If a picture appears in the records, leave it out and transcribe the rest exactly.

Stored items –
·····

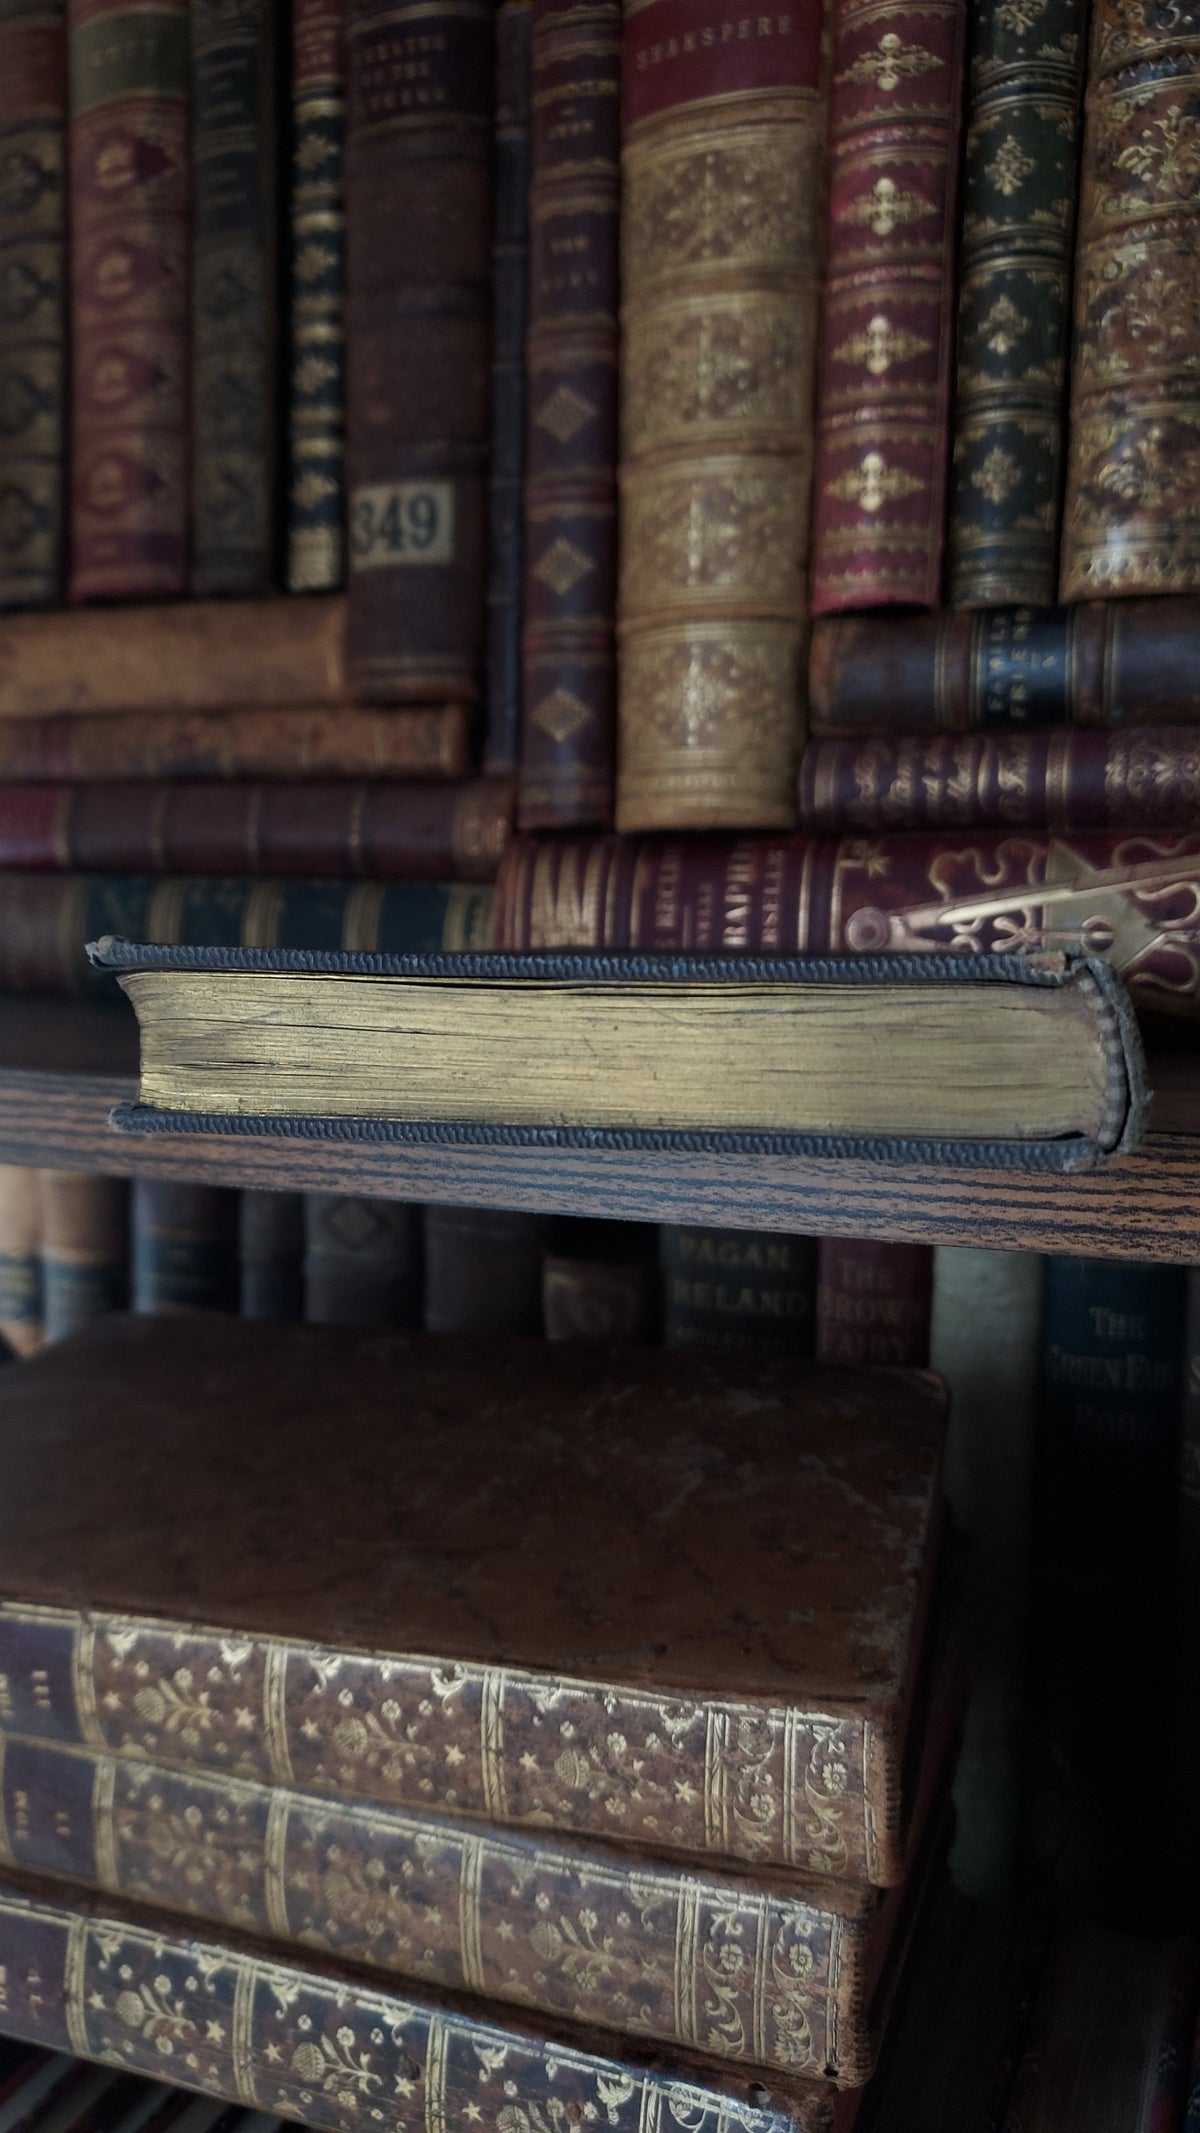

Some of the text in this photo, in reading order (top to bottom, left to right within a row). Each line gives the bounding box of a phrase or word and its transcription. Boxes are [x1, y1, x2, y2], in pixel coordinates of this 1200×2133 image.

[350, 493, 440, 554] 349
[679, 1235, 791, 1272] PAGAN
[838, 1256, 897, 1292] THE
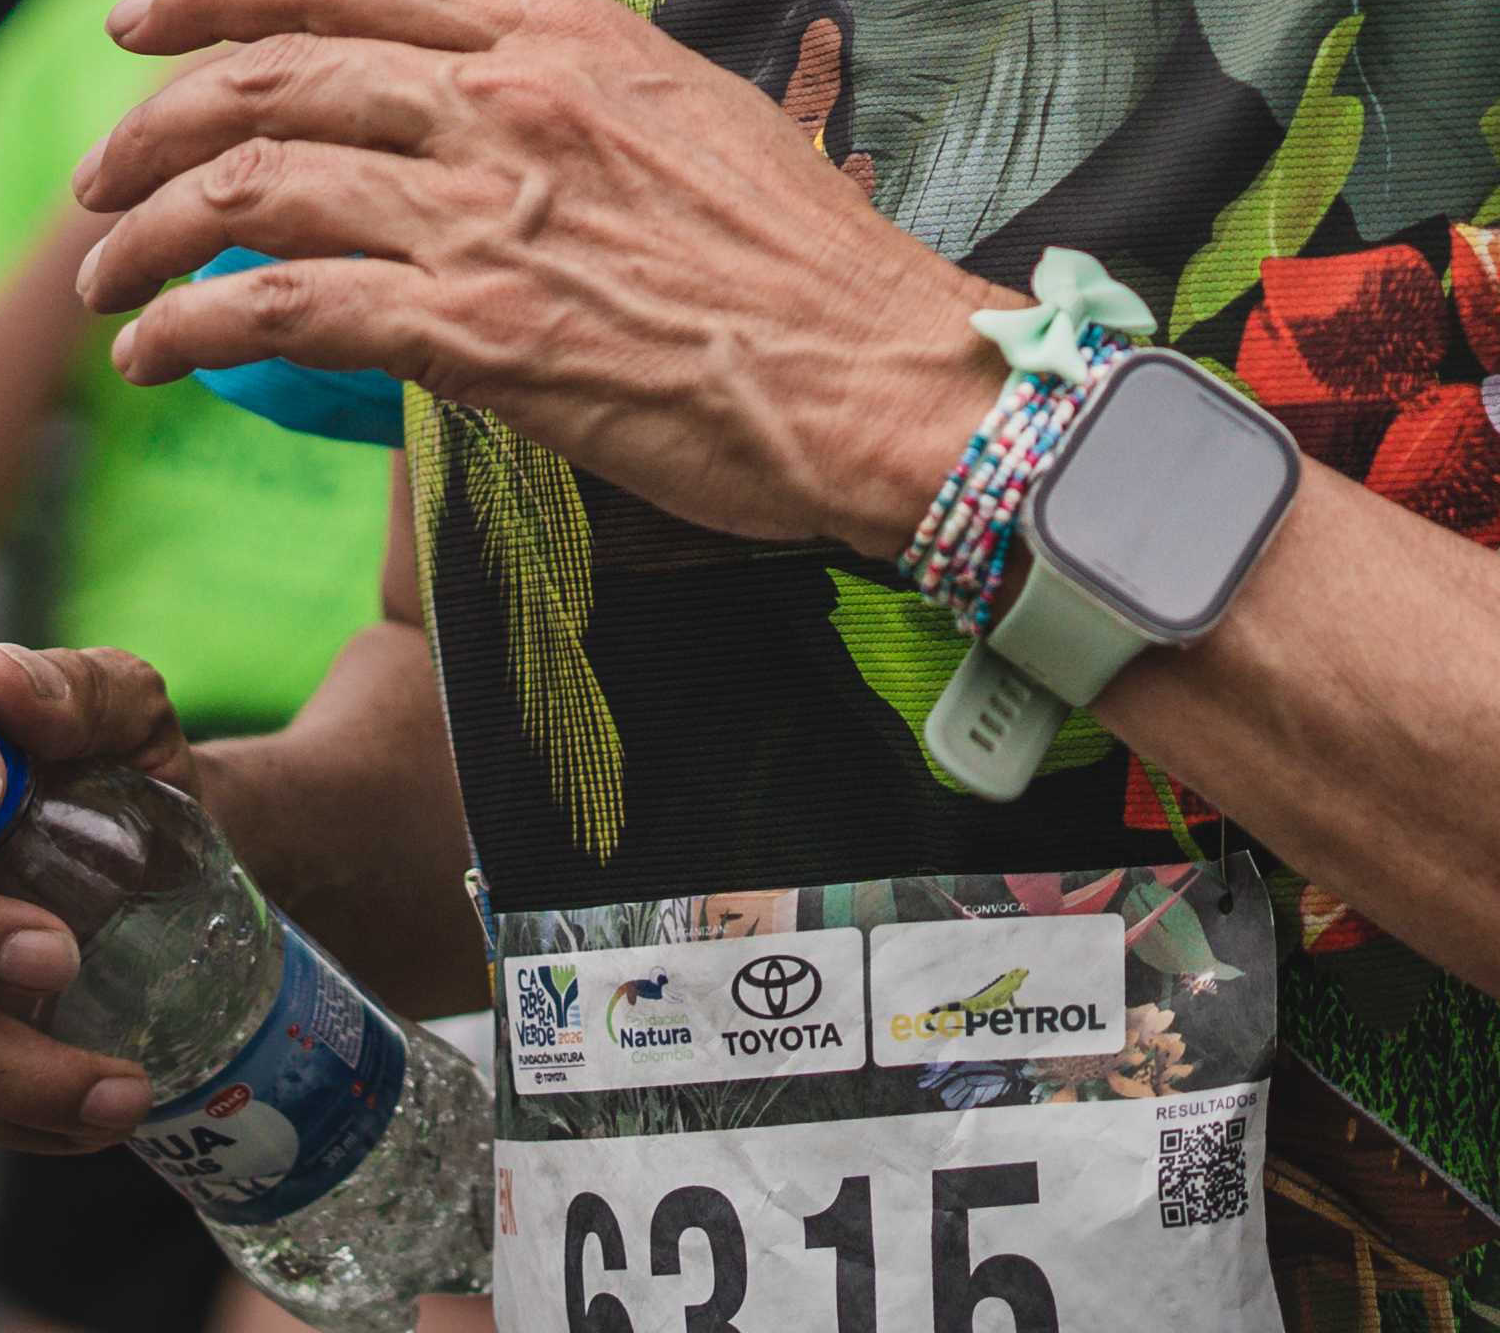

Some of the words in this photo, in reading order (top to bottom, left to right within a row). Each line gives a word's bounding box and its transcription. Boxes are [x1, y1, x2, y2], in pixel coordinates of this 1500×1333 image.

[961, 902, 1030, 916] CONVOCA:
[625, 1012, 690, 1029] Fundación
[557, 1031, 584, 1045] 2026
[619, 1026, 692, 1049] Natura
[721, 1022, 843, 1056] TOYOTA
[518, 1051, 553, 1065] FUNDACIÓN
[553, 1051, 585, 1064] NATURA
[631, 1047, 694, 1064] Colombia
[543, 1071, 568, 1082] TOYOTA
[1155, 1092, 1258, 1121] RESULTADOS
[126, 1125, 238, 1161] GUA
[563, 1159, 1059, 1333] 6315
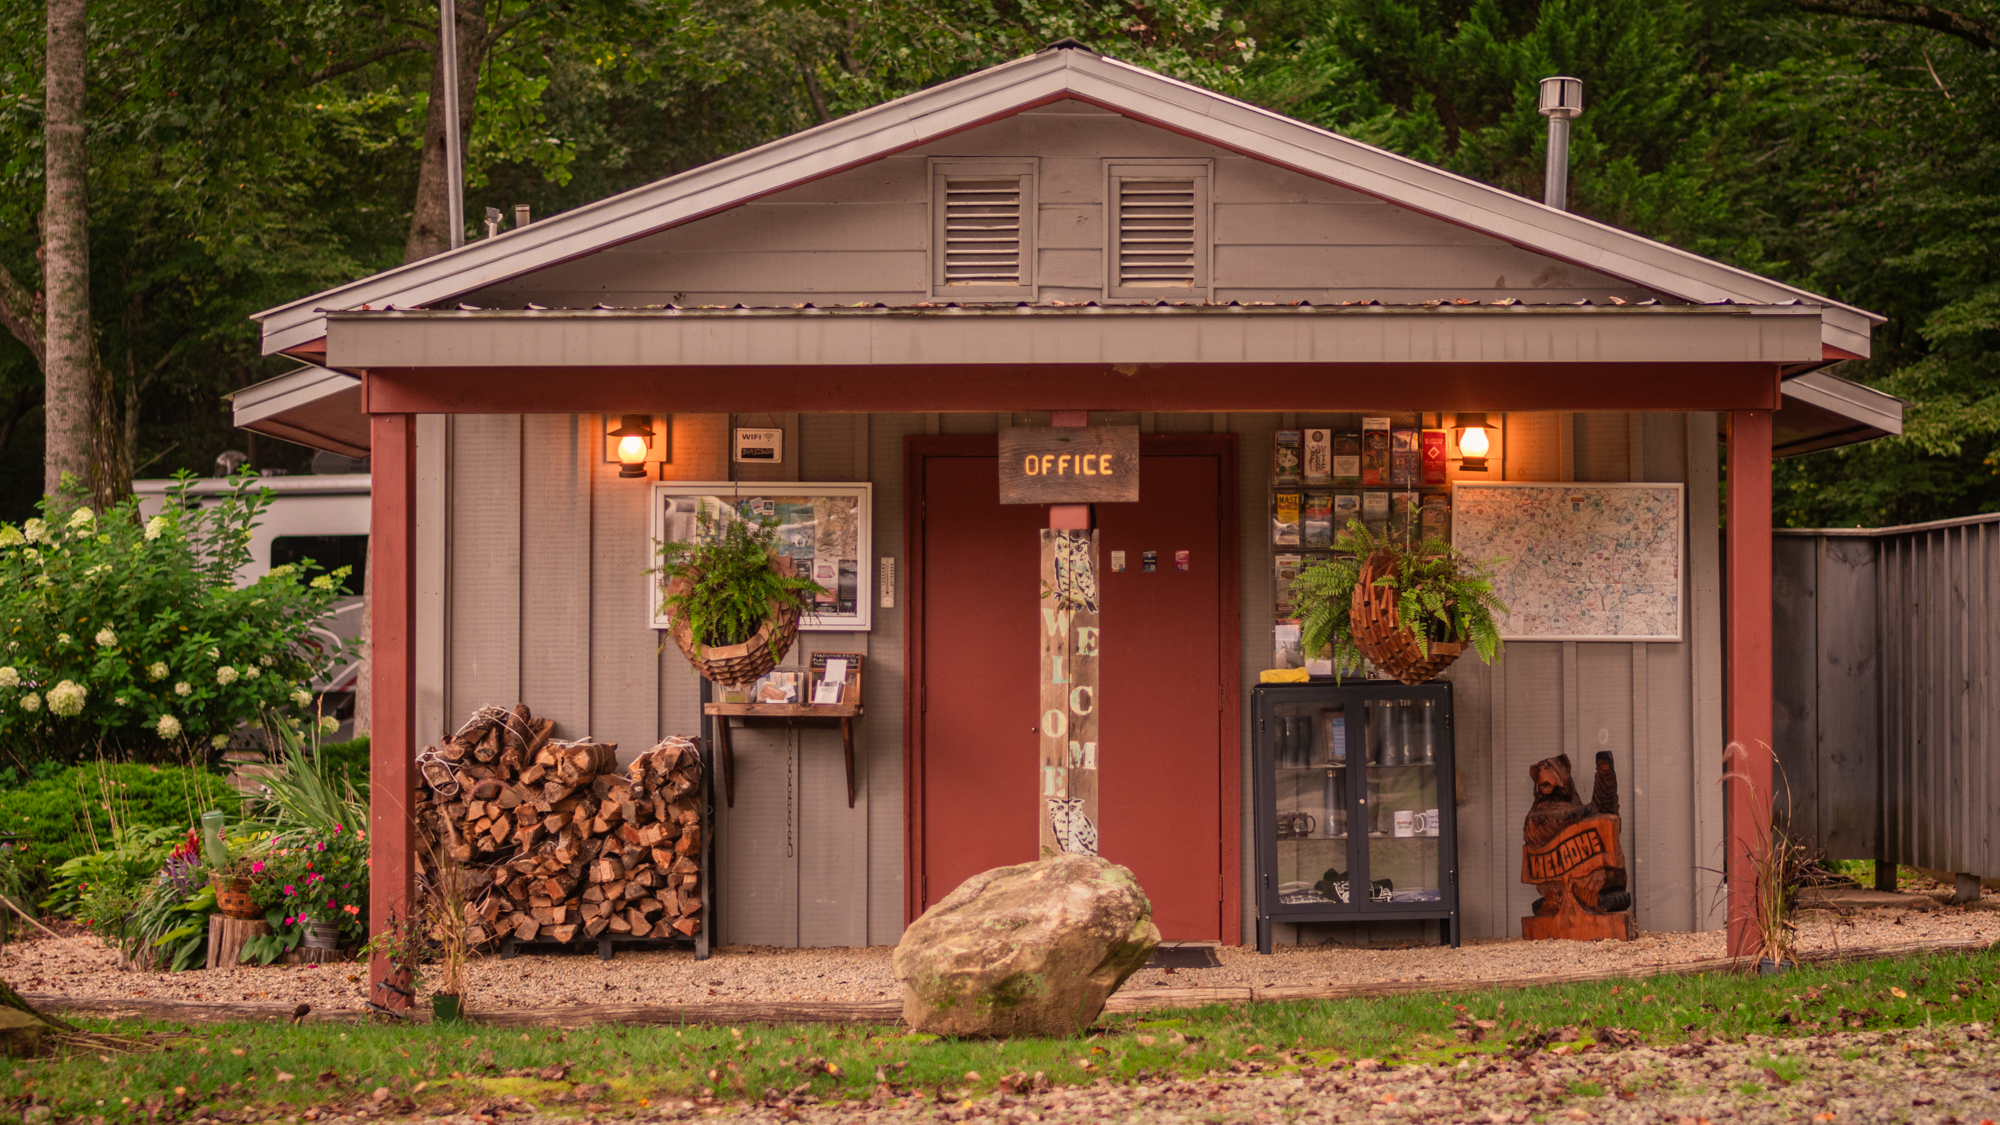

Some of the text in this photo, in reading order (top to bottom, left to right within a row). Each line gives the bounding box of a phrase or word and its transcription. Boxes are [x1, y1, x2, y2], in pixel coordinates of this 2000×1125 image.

[1025, 454, 1113, 476] OFFICE
[1279, 495, 1298, 504] MAST
[1041, 607, 1099, 797] WELCOME
[1529, 830, 1602, 879] WELCOME
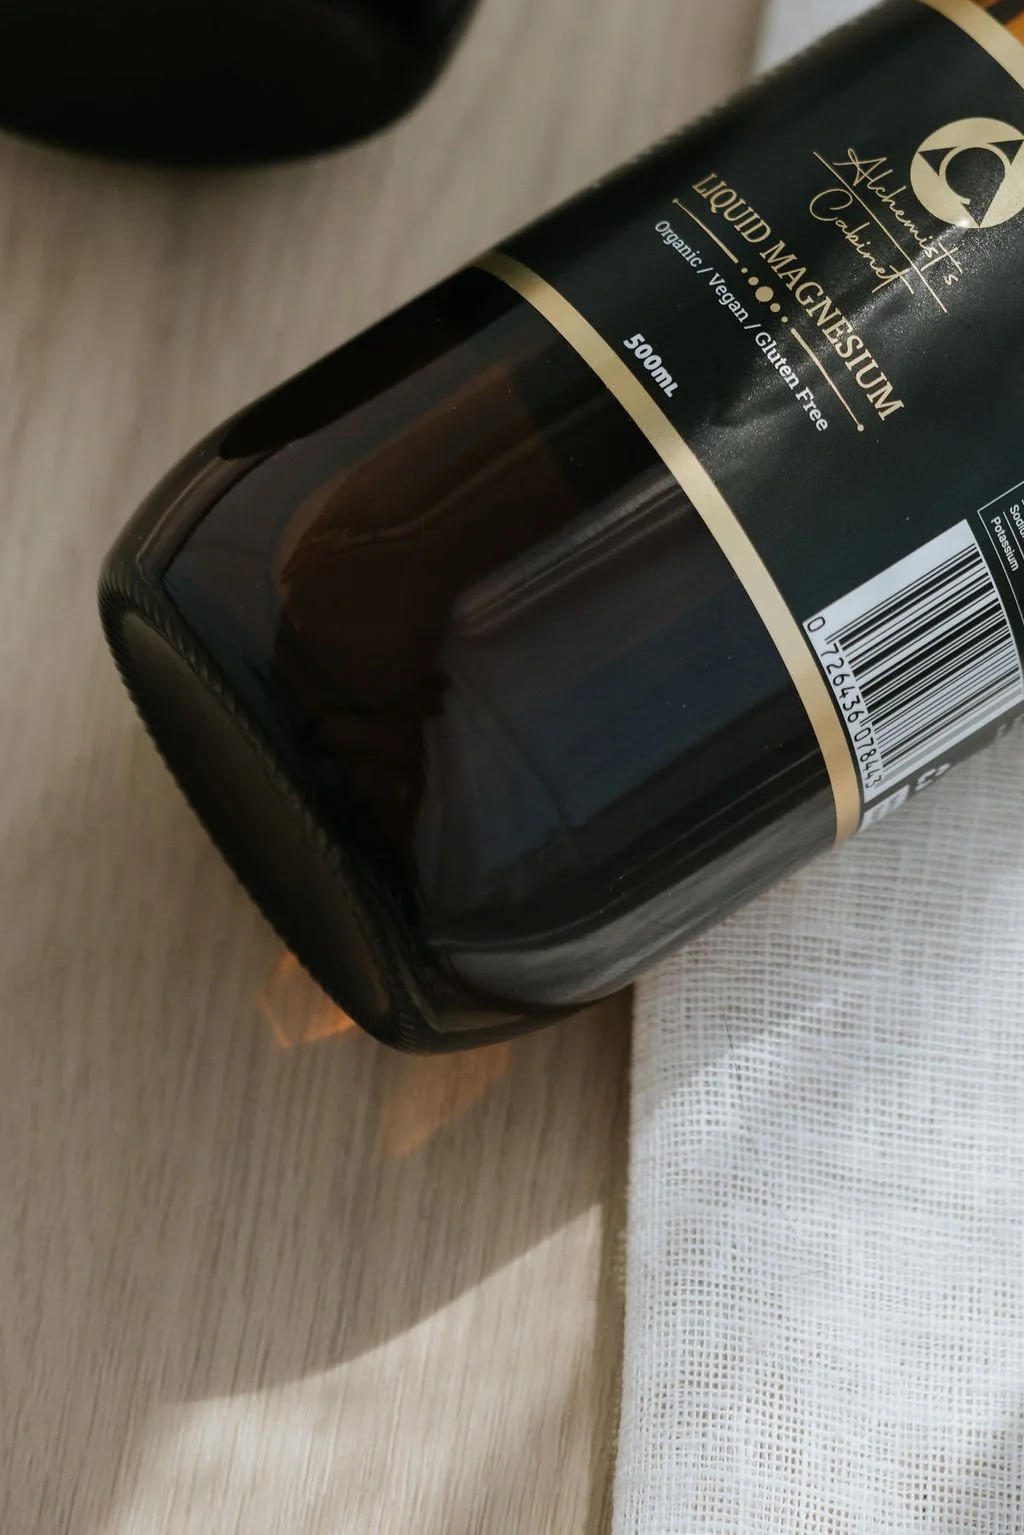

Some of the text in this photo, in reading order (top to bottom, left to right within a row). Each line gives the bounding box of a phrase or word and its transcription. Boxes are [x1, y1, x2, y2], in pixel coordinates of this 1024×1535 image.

[810, 188, 914, 294] Cabinet
[833, 148, 963, 286] Alchemist's
[623, 333, 679, 398] 500mL
[655, 221, 702, 267] Organic
[709, 273, 750, 323] Vegan
[755, 331, 800, 390] Gluten
[795, 387, 828, 431] Free
[692, 173, 904, 421] LIQUID MAGNESIUM
[991, 516, 1019, 572] Potassium
[807, 616, 882, 789] 0 726436 078443

·····

Answer area –
Some of the text in this photo, in reading order (top to bottom, left to right within a row). Each line gives the bounding box of a phrase or word and its transcription. Boxes are [x1, y1, x2, y2], in pixel coordinates of this 1200×2133 image.

[350, 493, 440, 554] 349
[679, 1235, 791, 1272] PAGAN
[838, 1256, 897, 1292] THE

Some of the words in this photo, in reading order (top to bottom, left to right within a row). Each line gives a word's bounding box and its transcription. Boxes are [x1, y1, x2, y2], in pixel coordinates of this 1500×1333 image.

[961, 902, 1030, 916] CONVOCA:
[625, 1012, 690, 1029] Fundación
[557, 1031, 584, 1045] 2026
[619, 1026, 692, 1049] Natura
[721, 1022, 843, 1056] TOYOTA
[518, 1051, 553, 1065] FUNDACIÓN
[553, 1051, 585, 1064] NATURA
[631, 1047, 694, 1064] Colombia
[543, 1071, 568, 1082] TOYOTA
[1155, 1092, 1258, 1121] RESULTADOS
[126, 1125, 238, 1161] GUA
[563, 1159, 1059, 1333] 6315

Some of the text in this photo, in reading order (top to bottom, left to right within a row). Each line gives the bounding box of a phrase or word and its transcription. Boxes are [x1, y1, x2, y2], in pixel coordinates of this 2000×1125 image.

[1025, 454, 1113, 476] OFFICE
[1279, 495, 1298, 504] MAST
[1041, 607, 1099, 797] WELCOME
[1529, 830, 1602, 879] WELCOME

Some of the text in this photo, in reading order (top to bottom, left to right within a row). Each line gives the bounding box of a phrase or word and its transcription. Boxes are [x1, y1, x2, y2], in pixel coordinates of this 1024×1535 image.

[810, 188, 914, 294] Cabinet
[833, 148, 963, 286] Alchemist's
[623, 333, 679, 398] 500mL
[655, 221, 702, 267] Organic
[709, 273, 750, 323] Vegan
[755, 331, 800, 390] Gluten
[795, 387, 828, 431] Free
[692, 173, 904, 421] LIQUID MAGNESIUM
[991, 516, 1019, 572] Potassium
[807, 616, 882, 789] 0 726436 078443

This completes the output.